» Task directions
The copy you give must match the records exactly, except that it holds no images.

» Given information
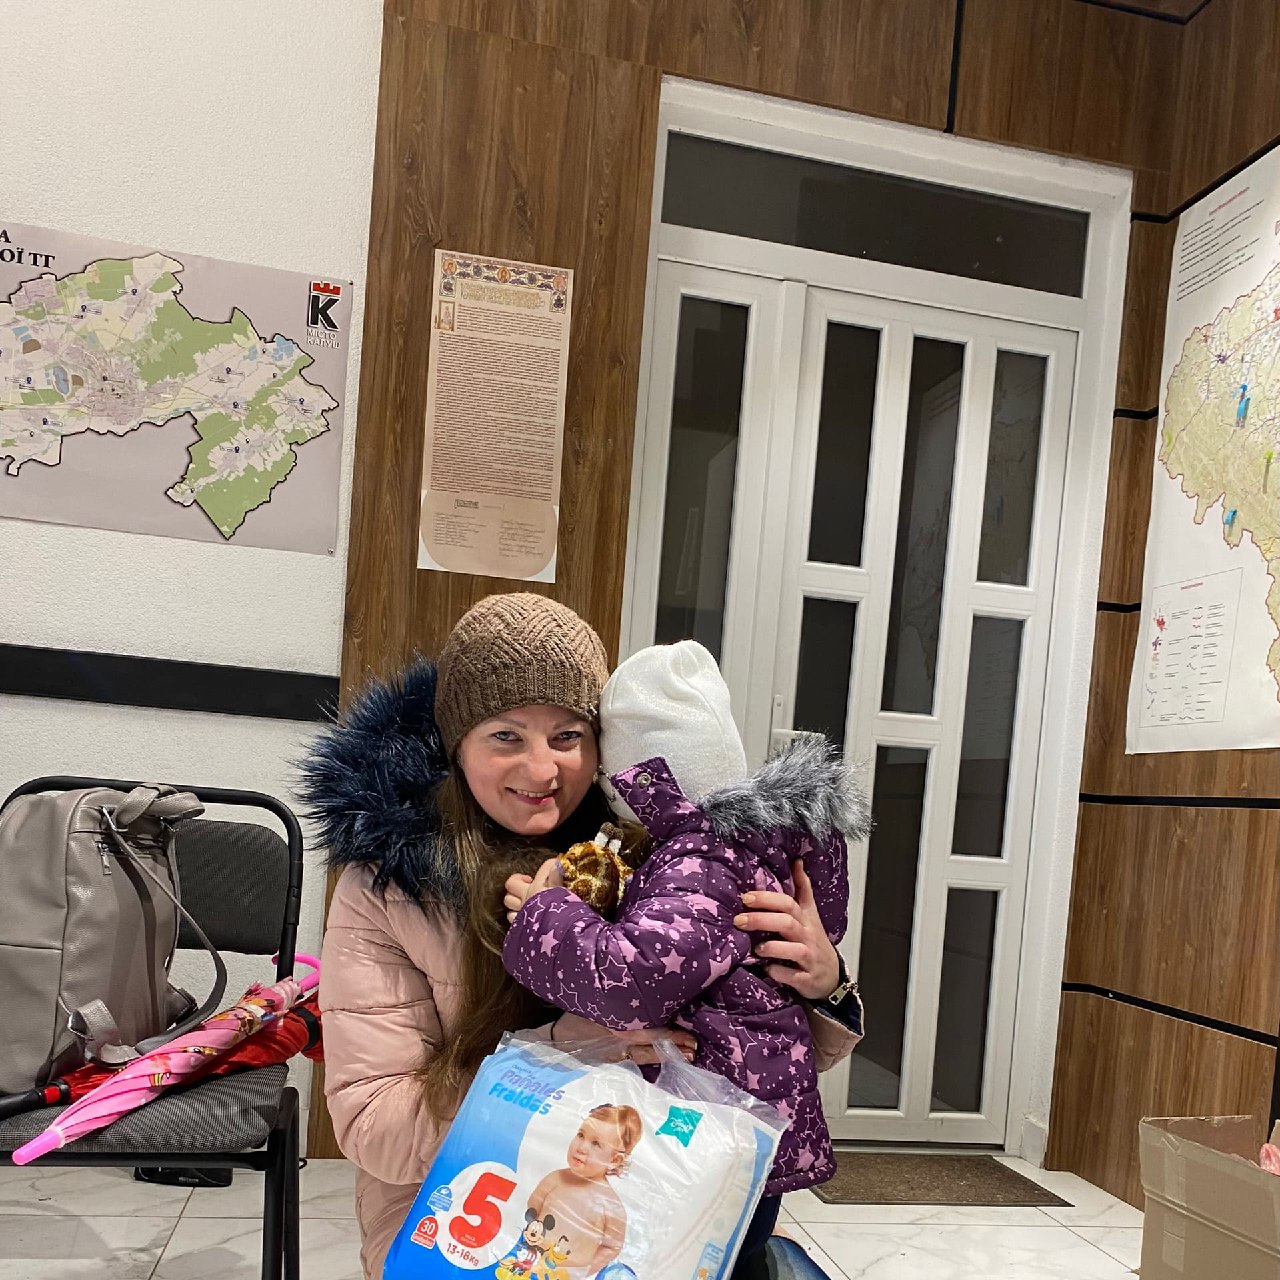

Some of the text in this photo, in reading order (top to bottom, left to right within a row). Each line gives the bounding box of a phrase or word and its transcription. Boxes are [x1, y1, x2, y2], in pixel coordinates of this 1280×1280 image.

[28, 252, 56, 268] ТГ
[448, 1171, 518, 1250] 5
[420, 1220, 436, 1235] 30
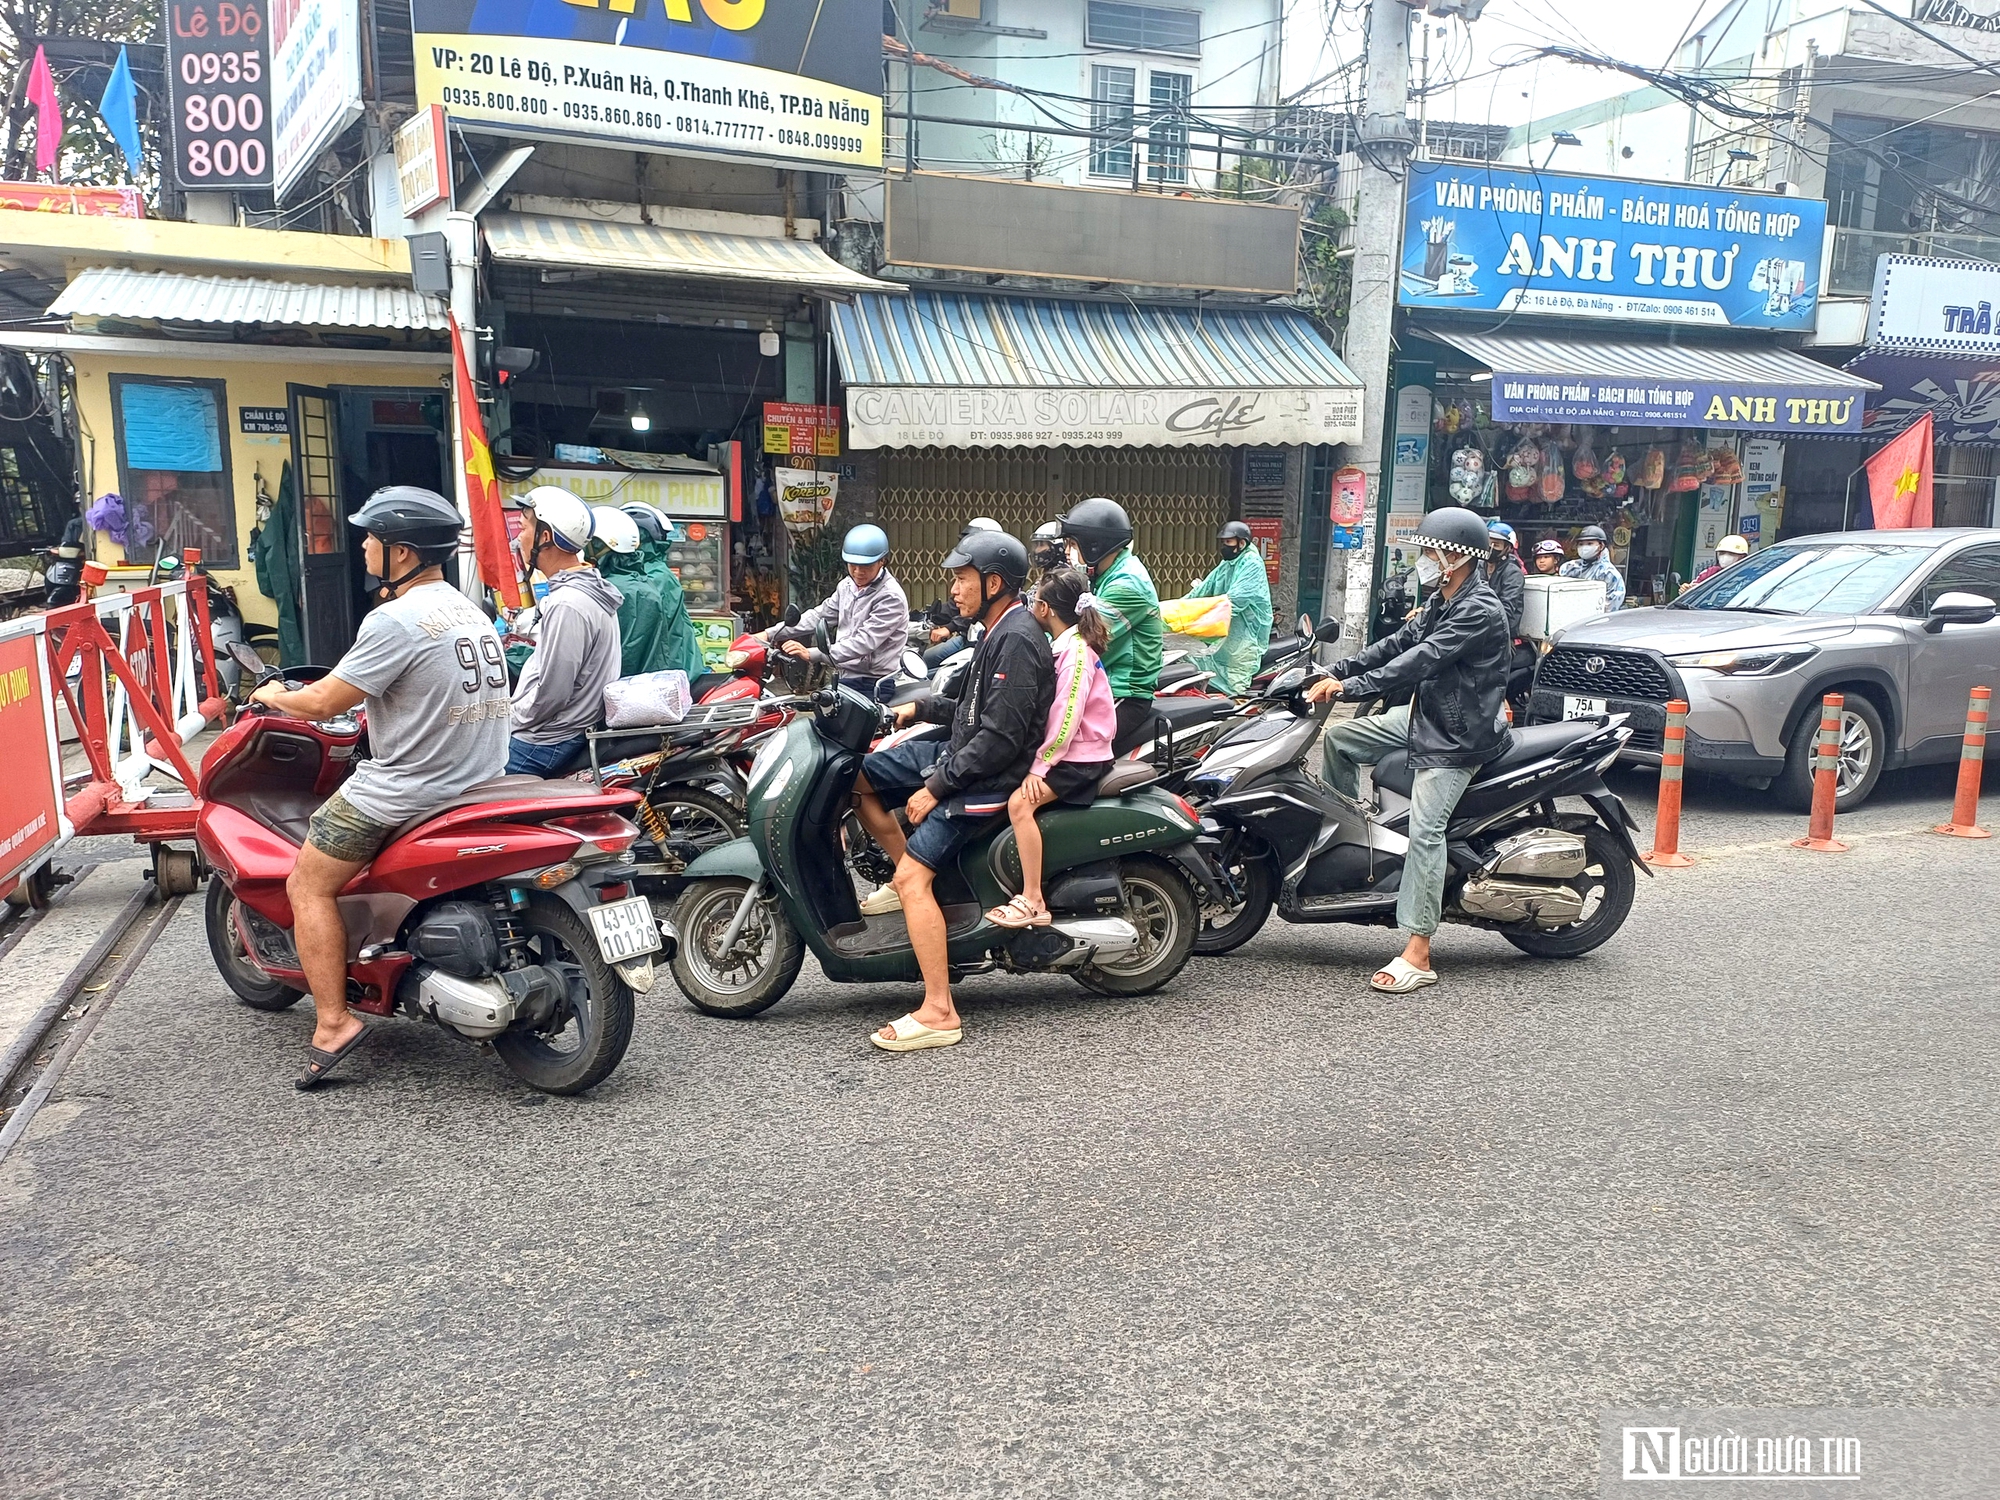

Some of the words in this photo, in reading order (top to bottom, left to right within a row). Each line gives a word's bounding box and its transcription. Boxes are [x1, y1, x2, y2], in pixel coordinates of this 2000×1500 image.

[174, 5, 209, 38] Lê
[217, 2, 262, 42] Độ
[181, 51, 261, 84] 0935
[432, 47, 464, 72] VP:
[470, 53, 493, 75] 20
[500, 56, 521, 78] Lê
[528, 60, 557, 87] Độ,
[564, 64, 624, 92] P.Xuân
[630, 72, 658, 99] Hà,
[664, 79, 732, 107] Q.Thanh
[738, 88, 775, 114] Khê,
[780, 94, 823, 118] TP.Đà
[829, 99, 870, 126] Nẵng
[185, 93, 263, 132] 800
[443, 86, 548, 115] 0935.800.800
[563, 102, 662, 129] 0935.860.860
[676, 116, 764, 141] 0814.777777
[778, 128, 862, 153] 0848.099999
[188, 138, 266, 177] 800
[1435, 177, 1475, 209] VĂN
[1479, 182, 1544, 216] PHÒNG
[1549, 185, 1605, 221] PHẨM
[1621, 195, 1670, 227] BÁCH
[1674, 202, 1710, 231] HOÁ
[1715, 200, 1762, 235] TỔNG
[1764, 212, 1800, 241] HỢP
[1496, 231, 1617, 282] ANH
[1630, 242, 1740, 291] THƯ
[1534, 296, 1544, 306] 16
[1577, 297, 1589, 308] Đà
[1626, 302, 1661, 314] ĐT/Zalo:
[1663, 305, 1683, 315] 0906
[1684, 306, 1699, 316] 461
[1701, 307, 1716, 317] 514
[855, 391, 1027, 426] CAMERA
[1034, 393, 1160, 426] SOLAR
[1504, 381, 1525, 400] VĂN
[1527, 382, 1560, 401] PHÒNG
[1561, 381, 1590, 402] PHẨM
[1598, 383, 1625, 404] BÁCH
[1627, 386, 1646, 405] HÓA
[1648, 385, 1673, 406] TỔNG
[1674, 389, 1695, 408] HỢP
[1544, 407, 1554, 415] 16
[1703, 394, 1777, 423] ANH
[1785, 395, 1855, 425] THƯ
[897, 431, 909, 440] 18
[970, 431, 987, 440] ĐT:
[990, 431, 1033, 441] 0935.986
[1035, 431, 1053, 441] 927
[1061, 431, 1104, 440] 0935.243
[1106, 431, 1123, 440] 999
[840, 465, 852, 476] 18
[455, 635, 506, 694] 99
[1069, 660, 1083, 699] MOVING
[1575, 698, 1593, 712] 75A
[1056, 705, 1073, 744] MOVING
[1044, 746, 1056, 761] MO
[1100, 826, 1168, 846] SCOOPY
[601, 903, 644, 932] 43-D1
[603, 925, 657, 957] 101.26
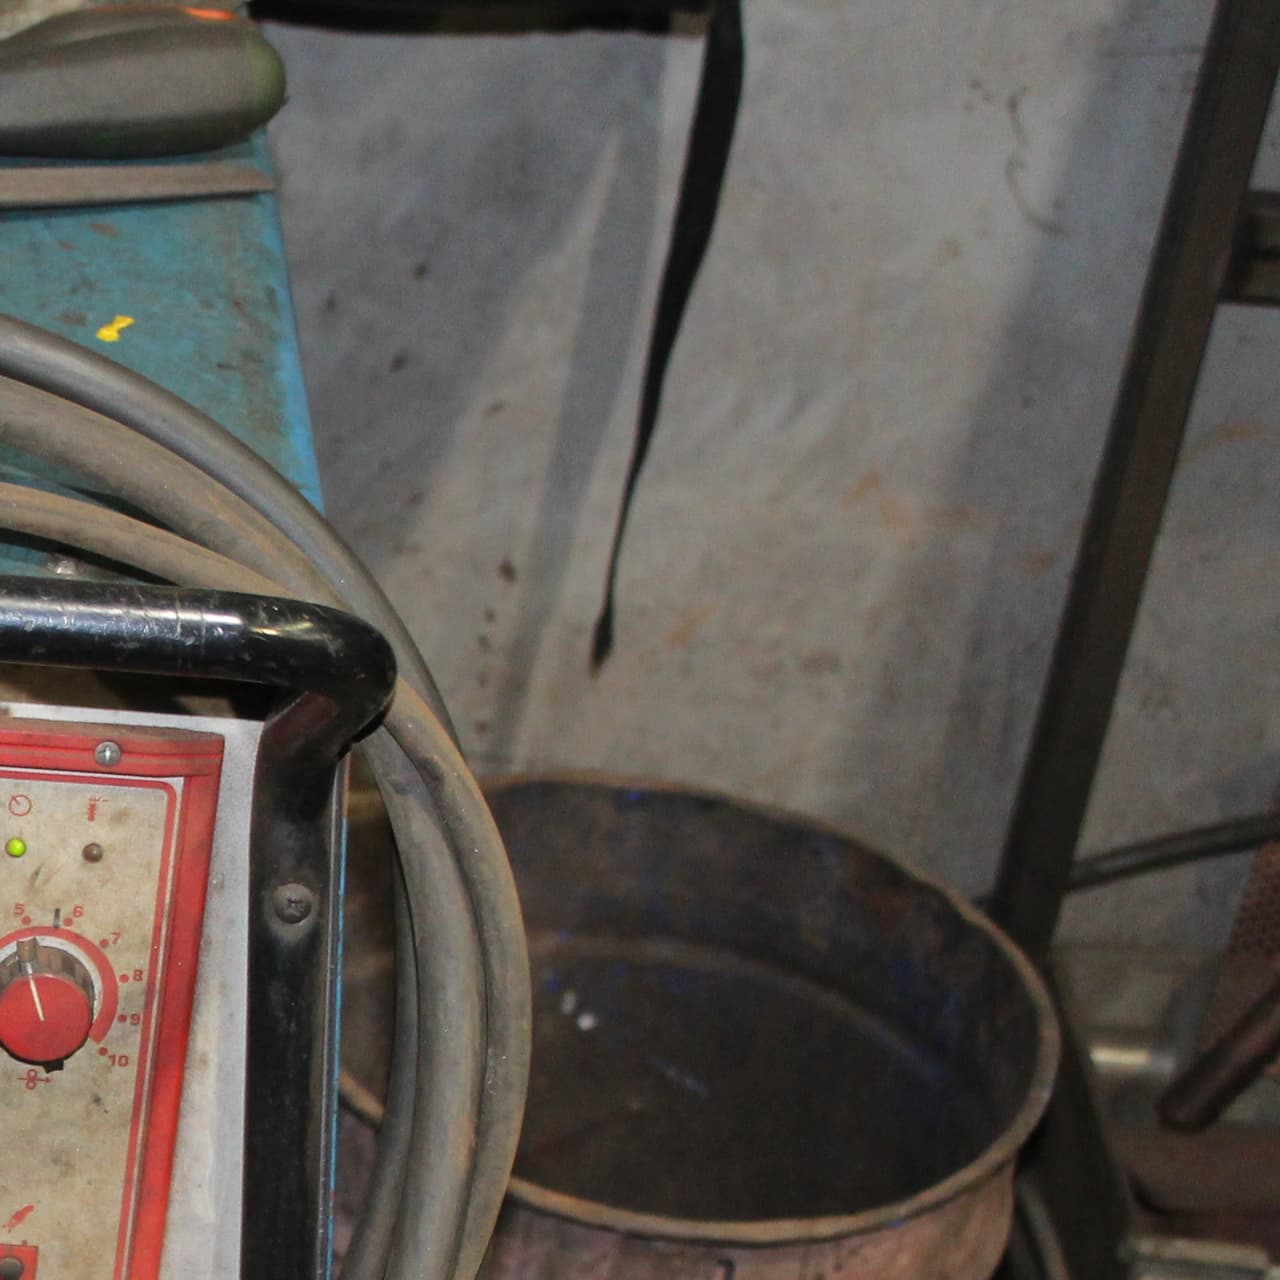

» Answer space
Some of the text in this photo, in reading order (top to bottom, left to right within a row). Each line gives the bounding box of a phrase or word and its transcription. Boxes are [x1, y1, x2, y2], in pixel coordinates of this 1280×1280 image.

[28, 252, 56, 268] ТГ
[448, 1171, 518, 1250] 5
[420, 1220, 436, 1235] 30

Some of the words in this photo, in reading order (top to bottom, left to right within a row). Each line gives a word's bounding box and its transcription. Boxes are [x1, y1, x2, y2], in pixel coordinates of this 2000×1500 image.

[174, 5, 209, 38] Lê
[217, 2, 262, 42] Độ
[181, 51, 261, 84] 0935
[432, 47, 464, 72] VP:
[470, 53, 493, 75] 20
[500, 56, 521, 78] Lê
[528, 60, 557, 87] Độ,
[564, 64, 624, 92] P.Xuân
[630, 72, 658, 99] Hà,
[664, 79, 732, 107] Q.Thanh
[738, 88, 775, 114] Khê,
[780, 94, 823, 118] TP.Đà
[829, 99, 870, 126] Nẵng
[185, 93, 263, 132] 800
[443, 86, 548, 115] 0935.800.800
[563, 102, 662, 129] 0935.860.860
[676, 116, 764, 141] 0814.777777
[778, 128, 862, 153] 0848.099999
[188, 138, 266, 177] 800
[1435, 177, 1475, 209] VĂN
[1479, 182, 1544, 216] PHÒNG
[1549, 185, 1605, 221] PHẨM
[1621, 195, 1670, 227] BÁCH
[1674, 202, 1710, 231] HOÁ
[1715, 200, 1762, 235] TỔNG
[1764, 212, 1800, 241] HỢP
[1496, 231, 1617, 282] ANH
[1630, 242, 1740, 291] THƯ
[1534, 296, 1544, 306] 16
[1577, 297, 1589, 308] Đà
[1626, 302, 1661, 314] ĐT/Zalo:
[1663, 305, 1683, 315] 0906
[1684, 306, 1699, 316] 461
[1701, 307, 1716, 317] 514
[855, 391, 1027, 426] CAMERA
[1034, 393, 1160, 426] SOLAR
[1504, 381, 1525, 400] VĂN
[1527, 382, 1560, 401] PHÒNG
[1561, 381, 1590, 402] PHẨM
[1598, 383, 1625, 404] BÁCH
[1627, 386, 1646, 405] HÓA
[1648, 385, 1673, 406] TỔNG
[1674, 389, 1695, 408] HỢP
[1544, 407, 1554, 415] 16
[1703, 394, 1777, 423] ANH
[1785, 395, 1855, 425] THƯ
[897, 431, 909, 440] 18
[970, 431, 987, 440] ĐT:
[990, 431, 1033, 441] 0935.986
[1035, 431, 1053, 441] 927
[1061, 431, 1104, 440] 0935.243
[1106, 431, 1123, 440] 999
[840, 465, 852, 476] 18
[455, 635, 506, 694] 99
[1069, 660, 1083, 699] MOVING
[1575, 698, 1593, 712] 75A
[1056, 705, 1073, 744] MOVING
[1044, 746, 1056, 761] MO
[1100, 826, 1168, 846] SCOOPY
[601, 903, 644, 932] 43-D1
[603, 925, 657, 957] 101.26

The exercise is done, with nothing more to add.